## Work task
Extract the text of every entry below exactly; leave images out.

*** Begin section ***

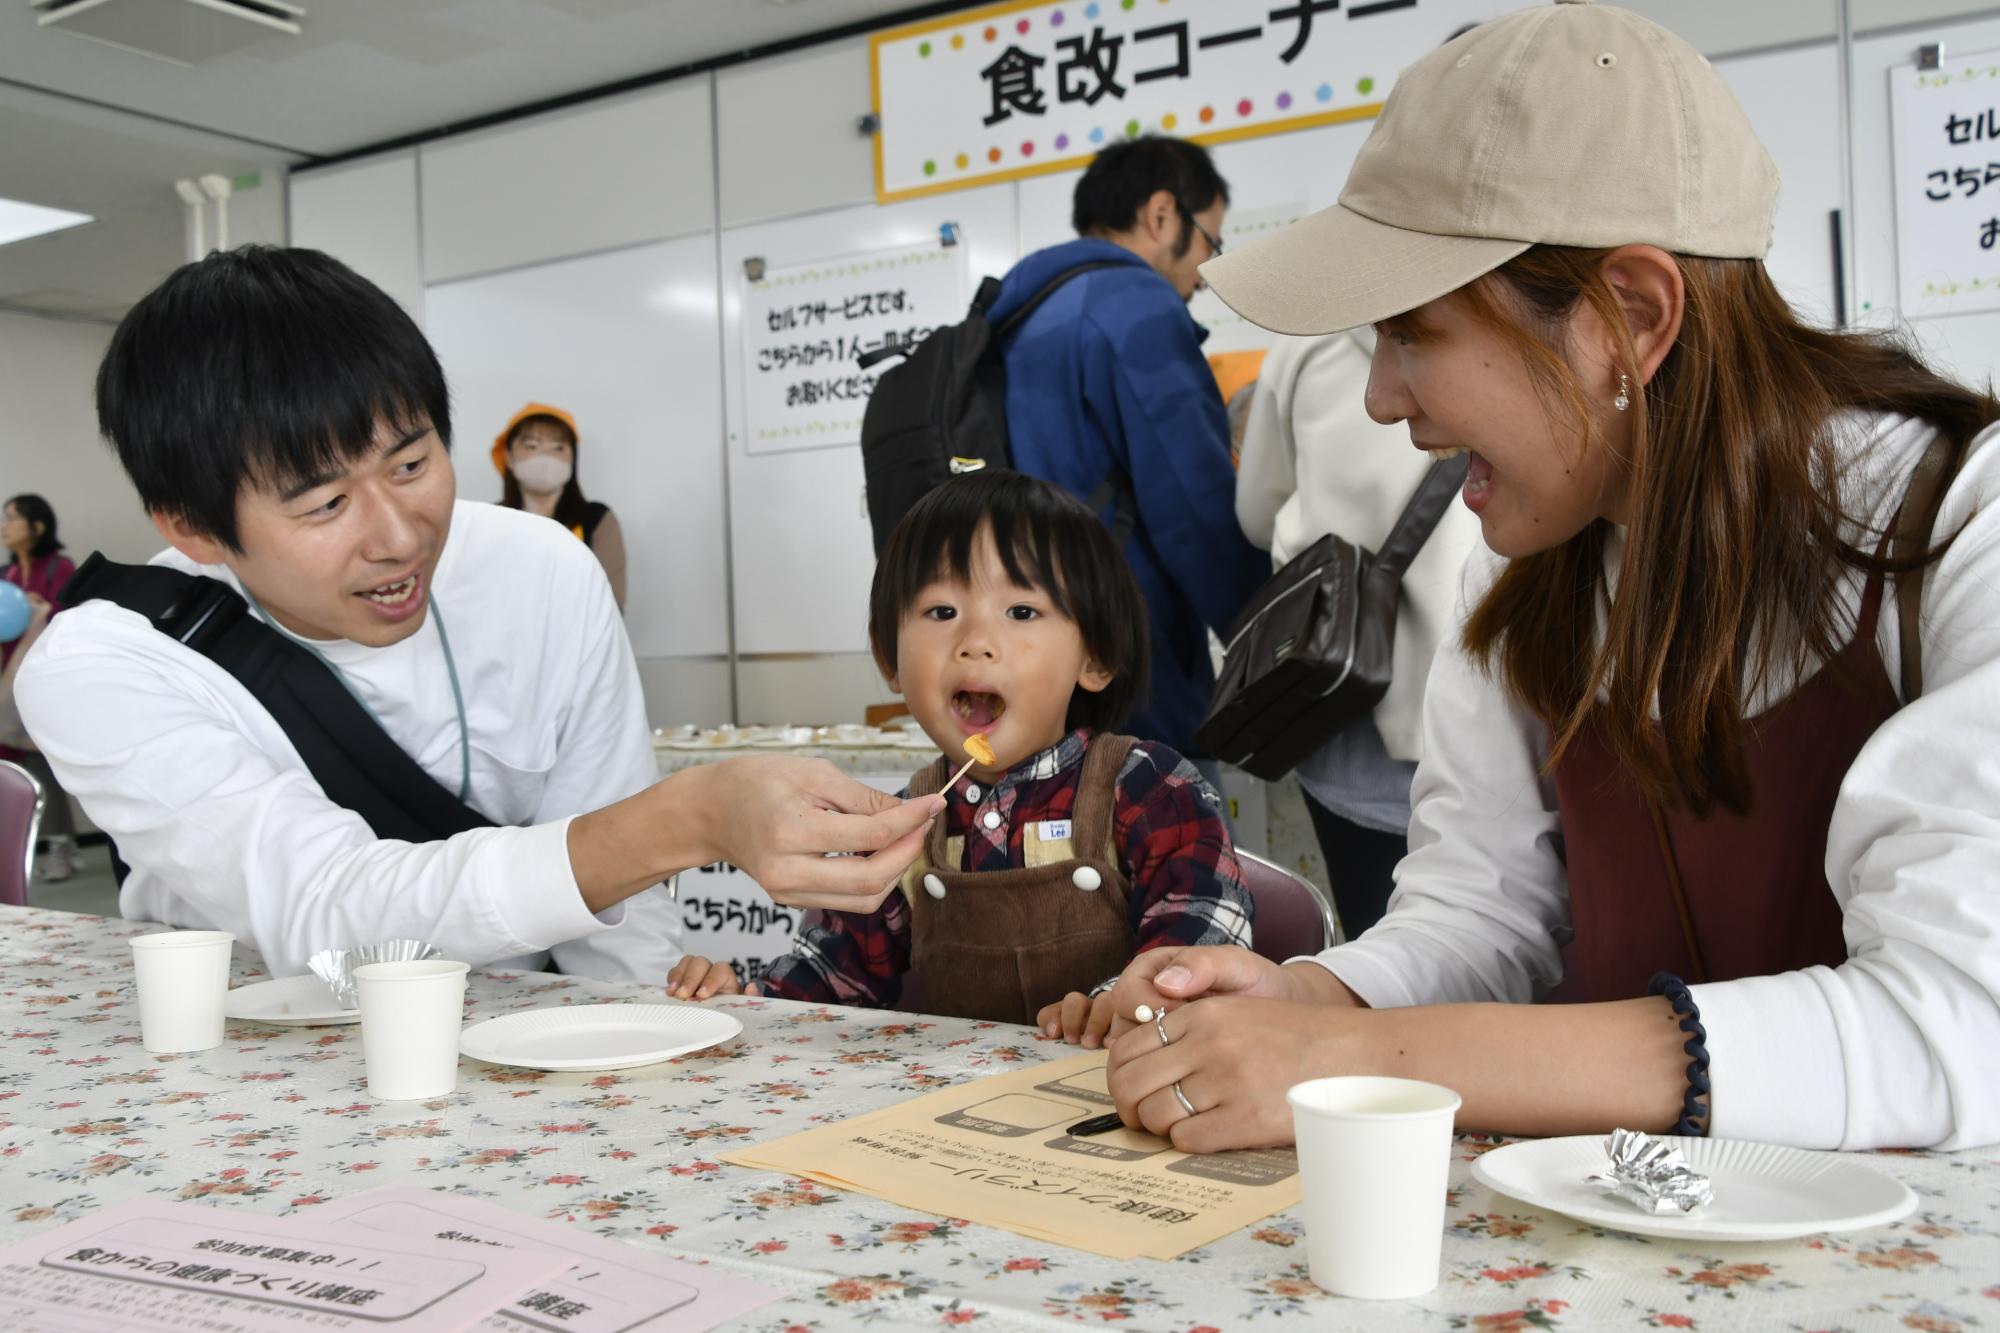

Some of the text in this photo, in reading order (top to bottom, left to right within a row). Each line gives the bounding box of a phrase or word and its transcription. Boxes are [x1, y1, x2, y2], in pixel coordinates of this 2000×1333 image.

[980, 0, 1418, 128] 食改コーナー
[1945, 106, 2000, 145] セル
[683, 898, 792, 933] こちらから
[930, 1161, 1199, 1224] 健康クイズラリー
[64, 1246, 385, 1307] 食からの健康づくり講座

*** End section ***

## Result of the task
Some of the text in this photo, in reading order (top to bottom, left to right within a row). Each line gives the bounding box of a phrase or word and its transcription. Boxes are [x1, y1, x2, y2], in pixel coordinates of this 2000×1333 image.

[980, 0, 1418, 128] 食改コーナー
[1945, 106, 2000, 145] セル
[683, 898, 792, 933] こちらから
[930, 1161, 1199, 1224] 健康クイズラリー
[64, 1246, 385, 1307] 食からの健康づくり講座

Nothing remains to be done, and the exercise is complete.